Apparently, this structure is also connected to their function. For instance, the branching arrangement of leaf veins is extremely important for allowing the leaf to survive if it is pierced by an object or creature. Nutrient transport is simply rerouted through other channels, bypassing the affected area.
For their new study, investigators used time-lapse photography and a special, fluorescent dye to see how nutrients are transported within leaves. The goal of this investigation was to figure out the mathematical formulas governing the way plants work.
Scientists constantly turn to Mother Nature for inspiration, since the world around us has had several billion years at its disposal to optimize all of its systems to their top potential. Arguably, optimizing form with function is what nature does best.

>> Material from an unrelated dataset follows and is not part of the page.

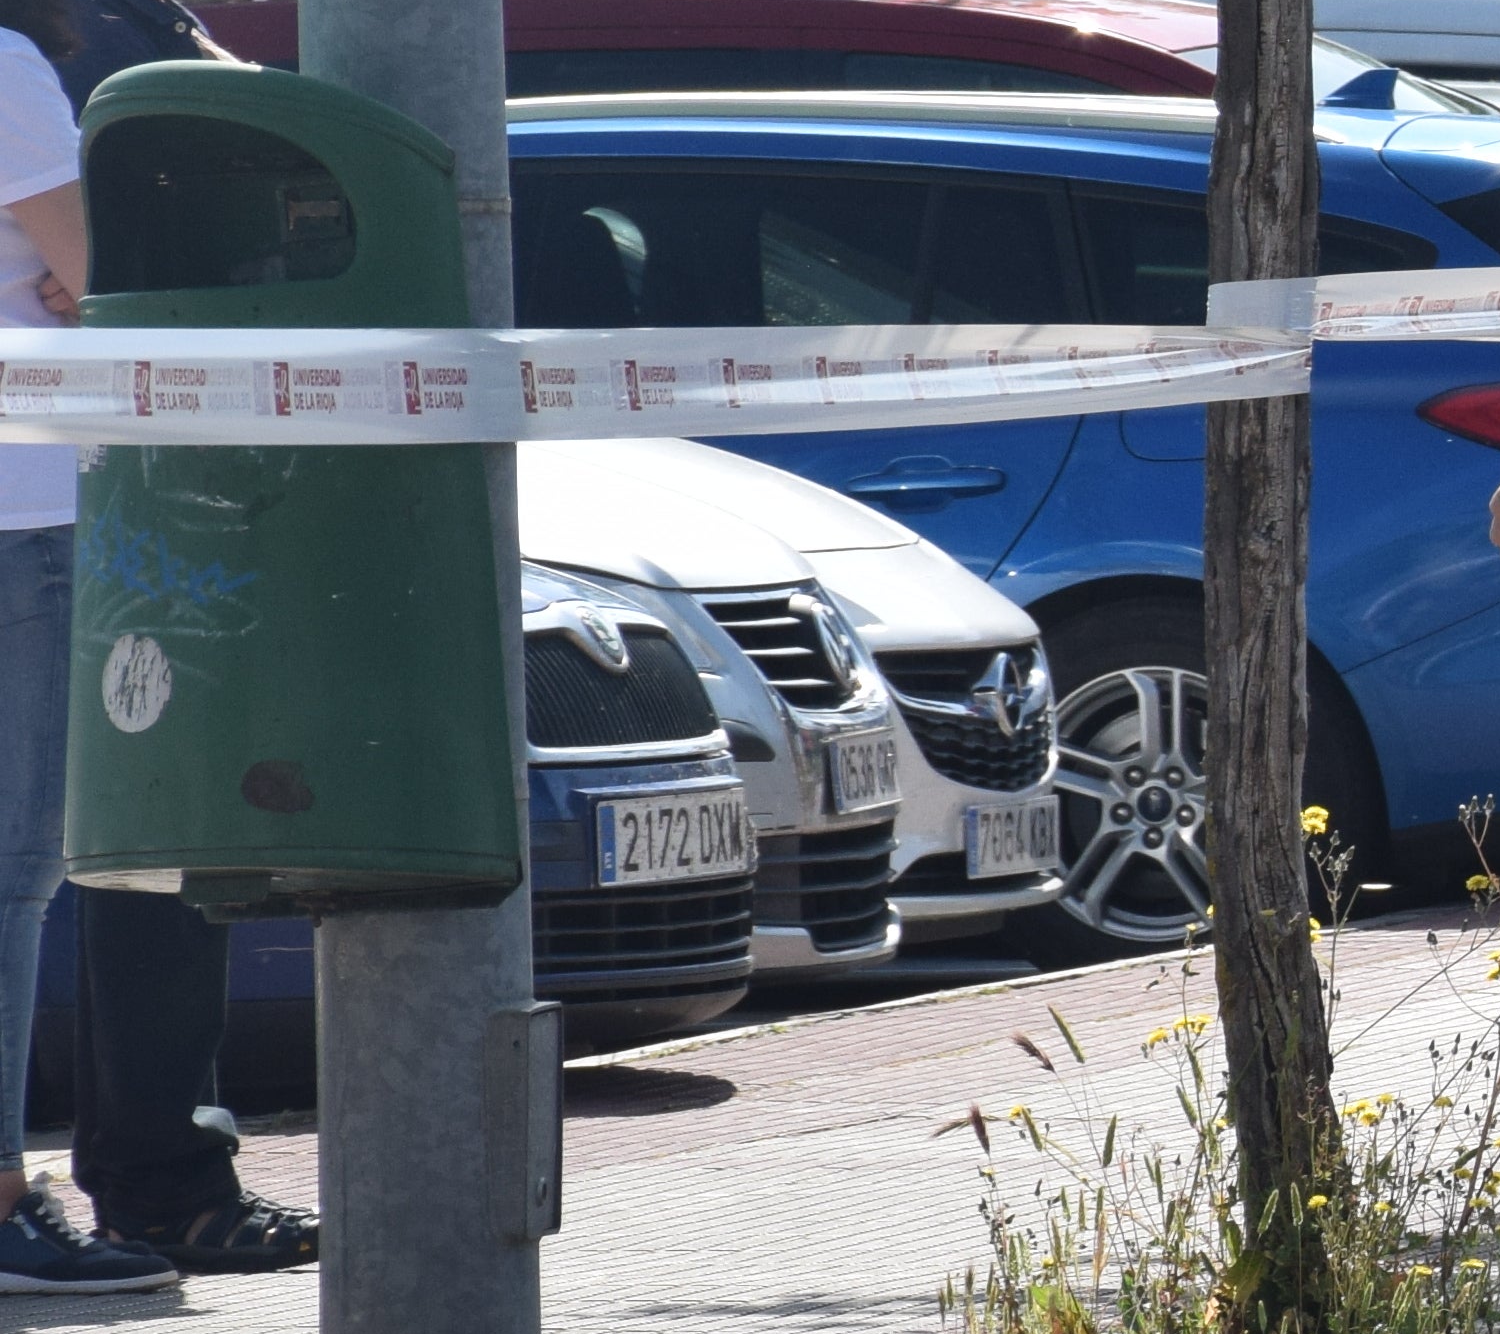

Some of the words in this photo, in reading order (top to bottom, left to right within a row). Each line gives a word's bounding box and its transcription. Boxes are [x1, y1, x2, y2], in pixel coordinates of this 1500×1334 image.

“If you begin looking at them in any degree of detail, you will see all of those beautiful arrangements of impinging angles and where the big veins meet the little veins and how well they are arranged,” RU mathematical physicist Marcelo Magnasco says.
He and physicist Eleni Katifori, also at RU, used grant money from the US National Science Foundation (NSF) to investigate the presence of geometric patterns in the architecture of leaves.
Their primary focus was leaf vasculature, the arrangement of veins within veins that enables the entire structure to withstand a massive amount of damage before succumbing. “Something that looks pretty looks pretty for a really good reason,” Magnasco explains.
“It has a well defined and elegant function. We can scan the leaves at extremely high resolution and reconstruct every single little piece of vein, who talks to who, who is connected to who and so forth,” the expert goes on to say .
“It was very hard to get to a unique way of actually enumerating how they are ordered. Then we hit on the idea that what we should do is start at the very bottom, counting all of the individual little loops,” he adds.
The conclusions this study yielded may be used to understand a number of natural systems in more detail than ever before, including neural networks, malignant tumors and river systems, among others.